Abstract:
This talk will present a multi-threaded and multi-tasking robotic agent architecture in which the concurrently executing tasks, which can be alternating use of several robotic resources, are programmed in TeleoR.
This a major extension of Nilsson’s Teleo-Reactive Procedures language
(TR) for robotic agents. The architecture is for mid to high level control.
TeleoR programmed tasks are robust and opportunistic, redoing or skipping robotic resource actions as appropriate. This makes them well suited to robot/robot or human/robot co-operative tasks.
TeleoR’s most important extension of TR is the concept and use of task atomic procedures to control the deadlock and starvation free use of the robotic resources by an agent’s concurrent tasks.
This use is illustrated in a simulation video at http://youtu.be/f81U0iHNzB0.
More Details
A TeleoR program comprises sequences of Guard ~> Action rules grouped into procedures. The Action is either:
* a set of robotic resource actions to be executed in parallel, or
{} do nothing
* a call to an TeleoR procedure – a programmed action,
* a repeatable sequence of time limited durative robotic actions or
procedure calls.
with optional associated
* message send actions to other robotic agents or humans
* atomic updates of the agent’s beliefs
In each called procedure the first rule with an inferable Guard is fired and its action started. If this a robotic resource action starting the action may be achieved by modifying a previous action using the same resource (e.g. move(2.5) modifies move(3) by decreasing the speed).
Other executing resource actions are terminated. The primitive resource actions may be relatively complex, such as moving a jointed robot arm.
The Guard inference uses facts and rules rules of typed declarative language sitting in the agent’s deductive BeliefStore to give an application specific interpretation of rapidly changing percepts and more slowly changing told facts, the dynamic component of the BeliefStore. The percepts are abstractions of sense data and may have involved lower level analysis such as image processing.
A percept handler thread within the agent frequently atomically updates the BeliefStore. Another thread converts received messages into new beliefs. This gives a minimum three thread architecture.

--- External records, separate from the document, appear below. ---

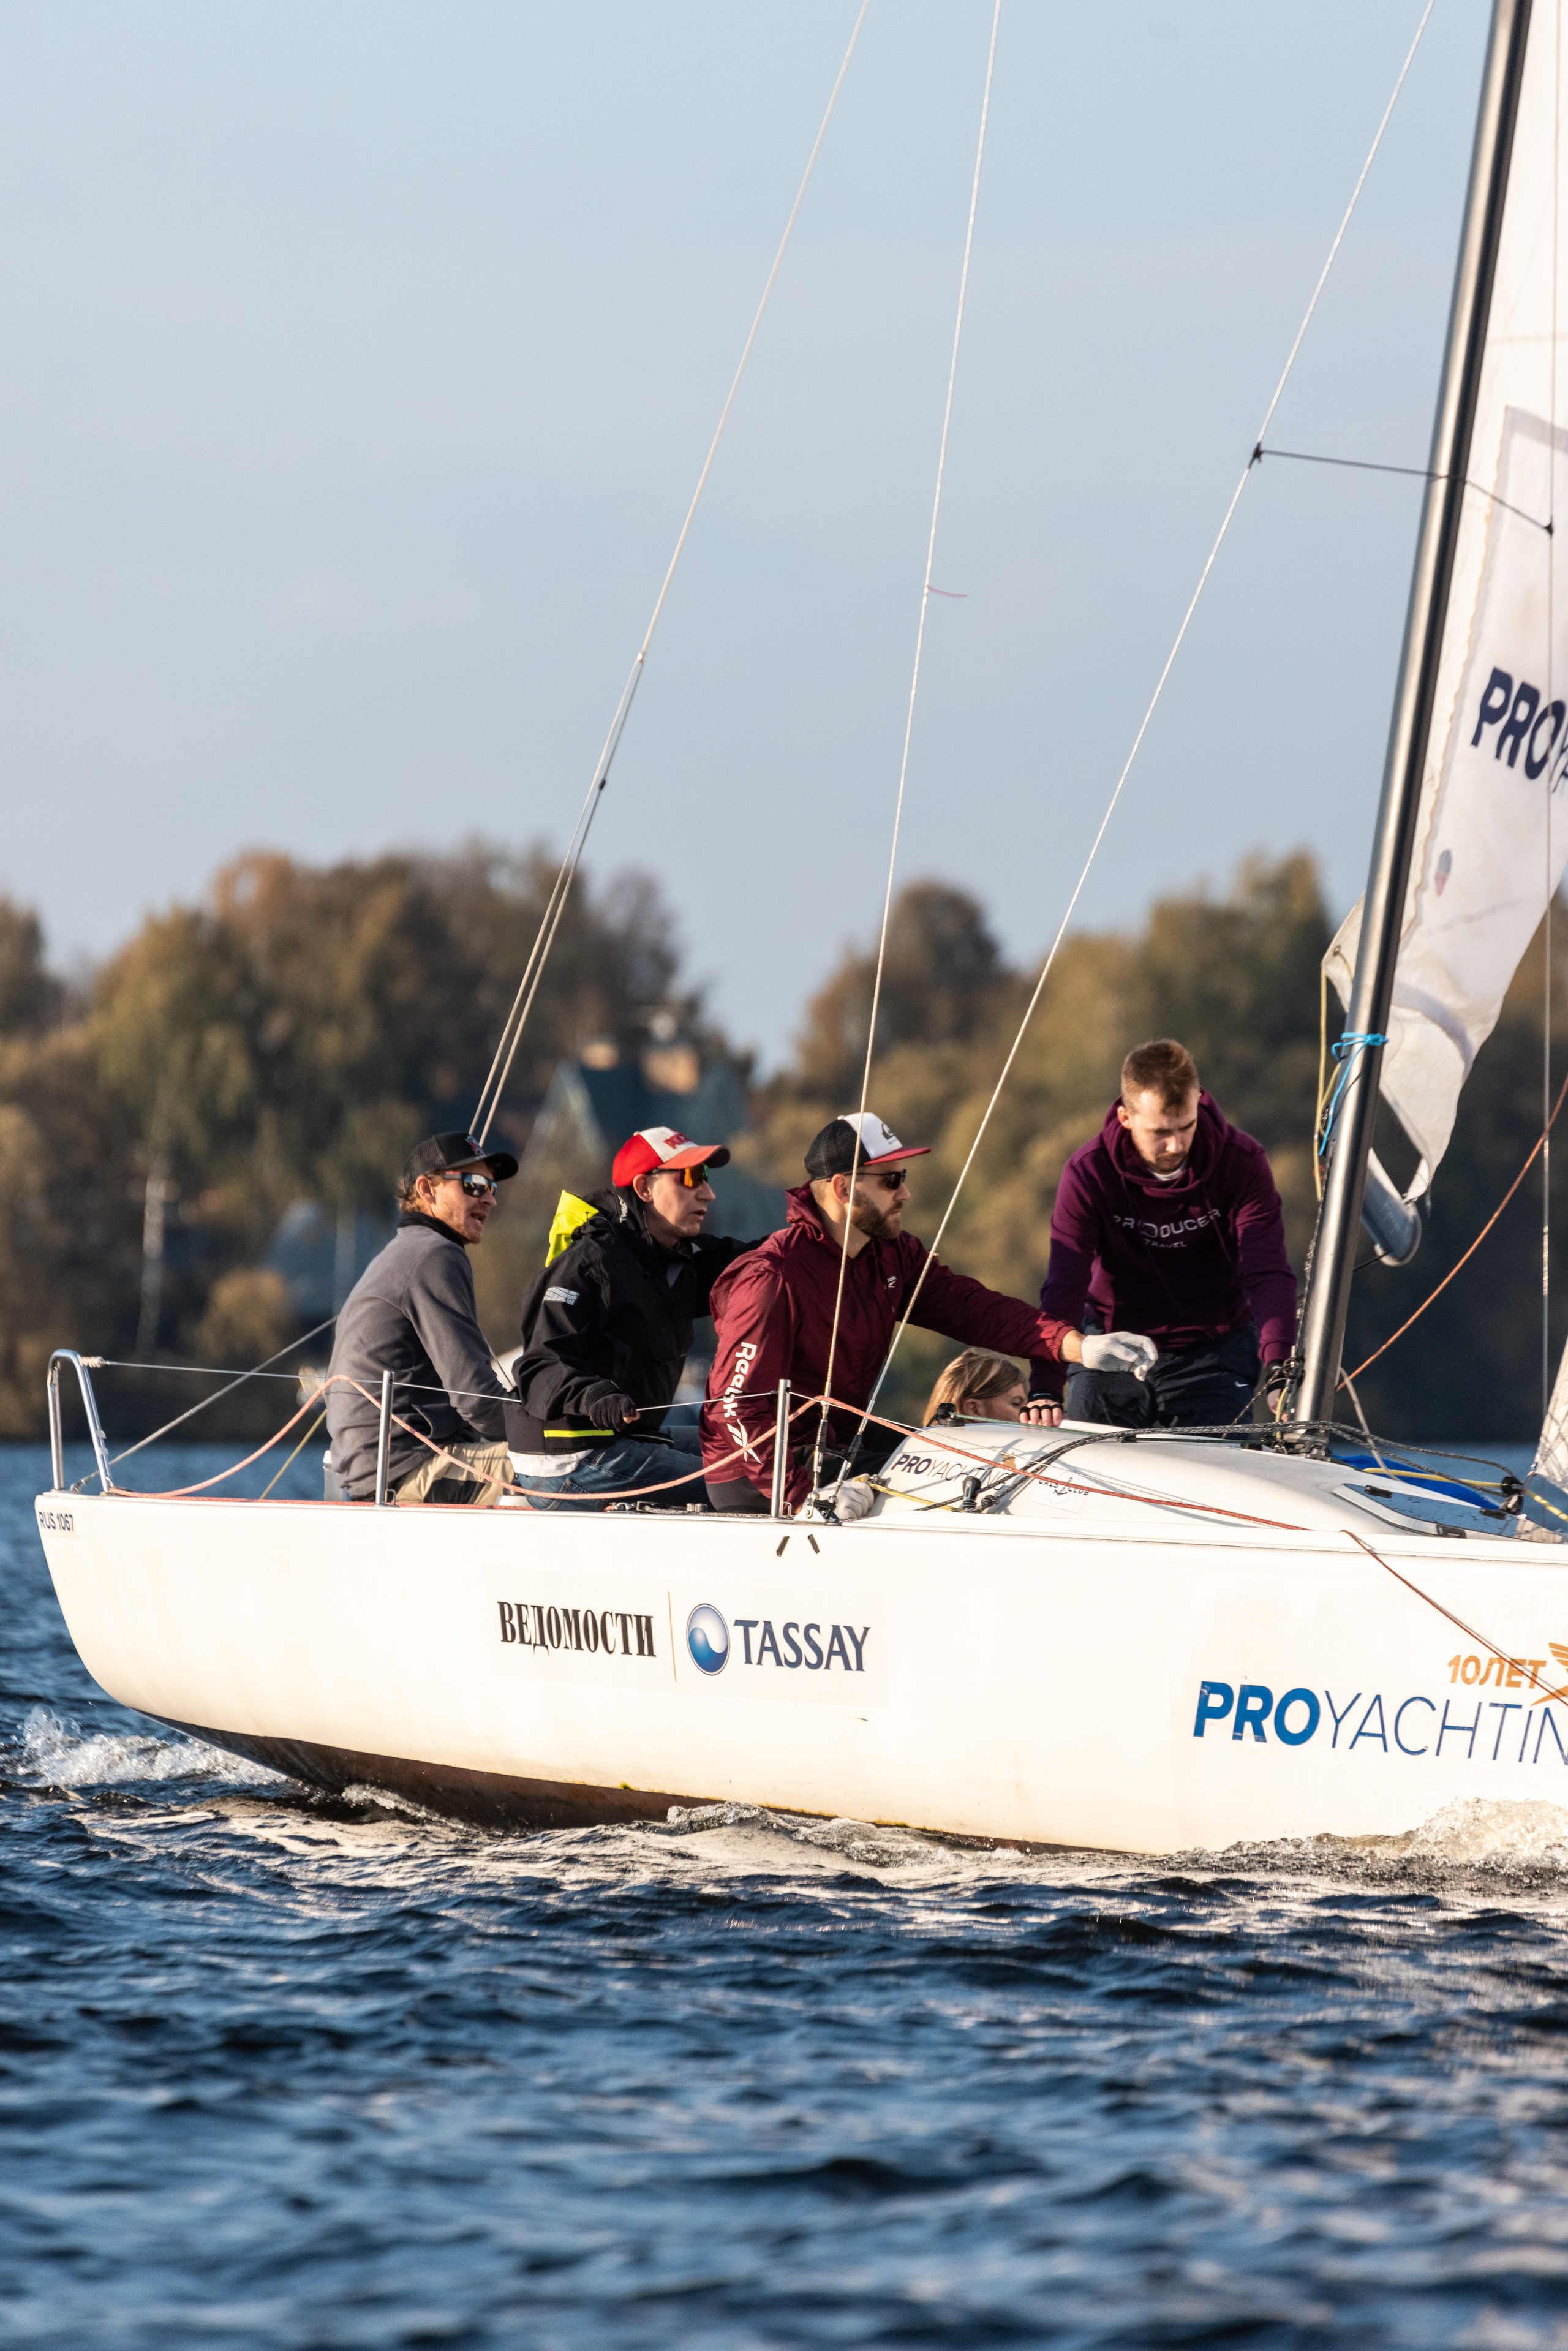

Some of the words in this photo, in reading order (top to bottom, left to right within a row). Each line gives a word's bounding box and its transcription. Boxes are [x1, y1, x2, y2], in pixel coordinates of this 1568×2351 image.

[1144, 1239, 1188, 1248] TRAVEL
[39, 1511, 56, 1530] RUS
[56, 1513, 74, 1531] 1067
[497, 1601, 656, 1658] ВЕДОМОСТИ
[733, 1618, 870, 1672] TASSAY
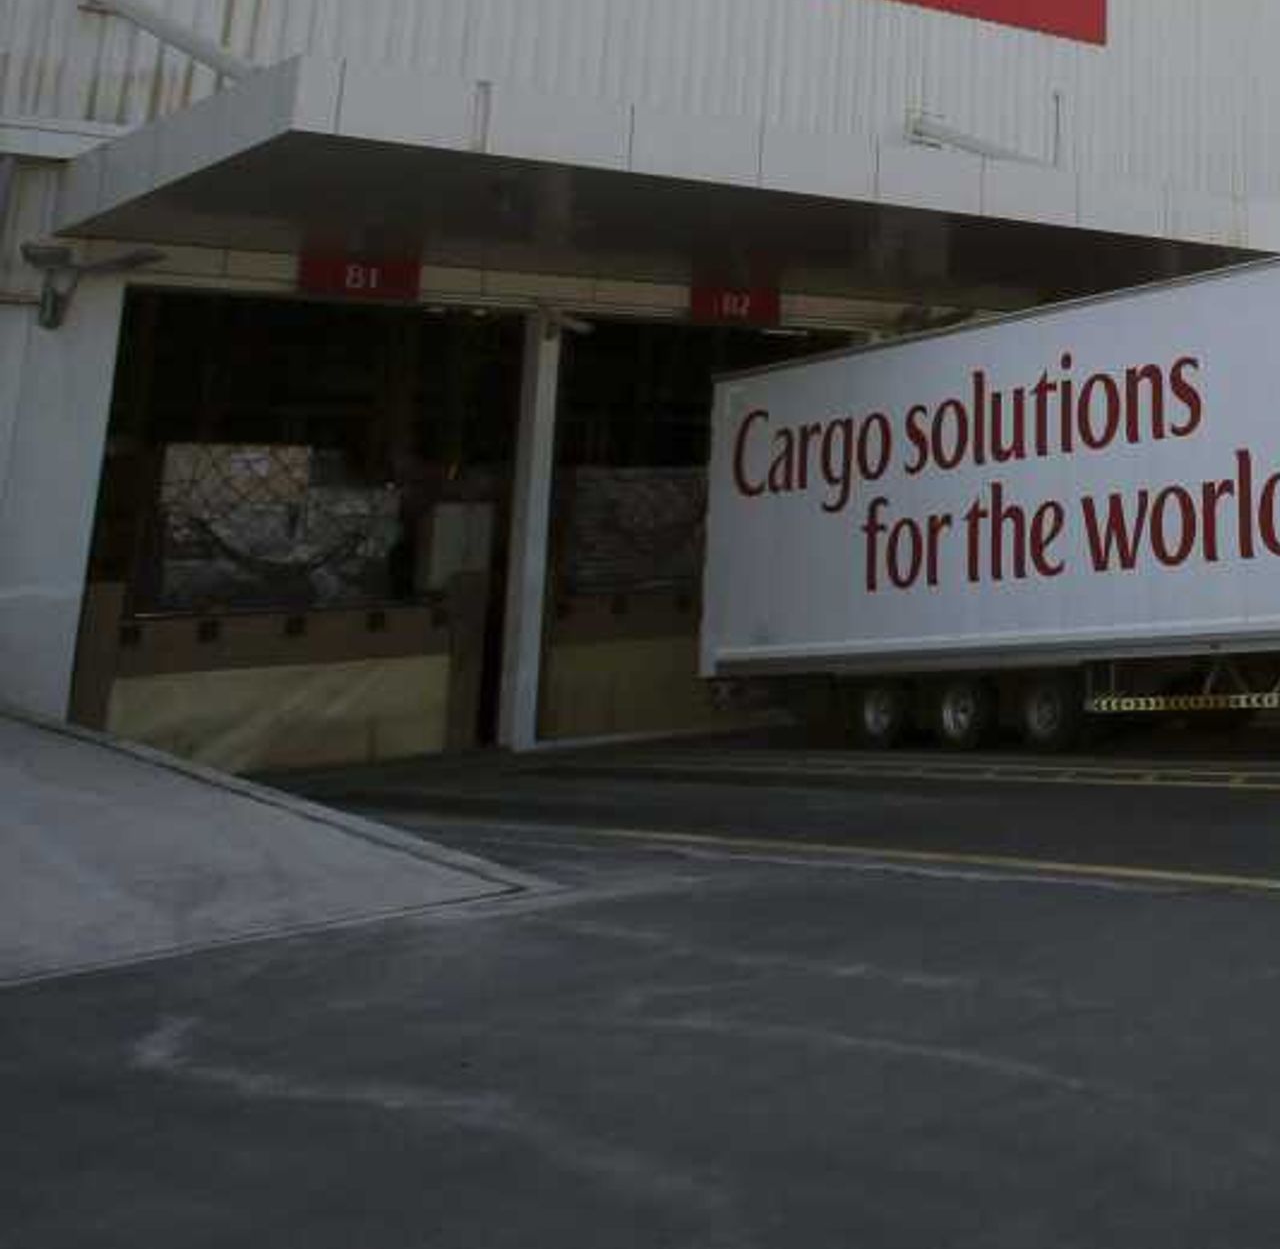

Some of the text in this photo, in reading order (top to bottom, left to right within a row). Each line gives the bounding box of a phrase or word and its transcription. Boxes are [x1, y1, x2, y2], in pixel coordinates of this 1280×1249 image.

[732, 352, 1202, 513] Cargo solutions
[861, 496, 951, 592] for
[963, 482, 1065, 582] the

On each BeliefStore update the rule firings of all called procedures are re-considered. This may cause several nested procedure calls to be terminated and replaced by a new nested sequence because of the firing of a different rule in some call. It is what gives the language its elastic behaviour. Compiler analysis ensures that only rule firings that may be changed by an update are re-checked.
TeleoR can also be used to program pure communicating agent applications simply by having all rules with the {} robotic resource action. There will then be a task thread handling each conversation.
Bio:
Keith Clark (born 1943) is a Professor of Computer Science at Imperial College London. He has lectured in both mathematics and computer science.
Professor Clark earnt a Ph.D in 1980 from Queen Mary, University of London with thesis titled Predicate logic as a computational formalism. Since 1979, Keith Clark has had an academic position in the Department of Computing, Imperial College London, where he has been Professor of Computational Logic since 1987. Between 1987 and 1995, he was also Visiting Professor at Uppsala University. He is currently a Visiting Professor at Blekinge Institute of Technology (since 1997), and at the University of Queensland (since 1998). In 1980, he co-founded an Imperial College spin-off company, Logic Programming Associates, to develop and market Prolog systems for micro-computers (micro-Prolog) and to provide consultancy on expert systems and rule based applications.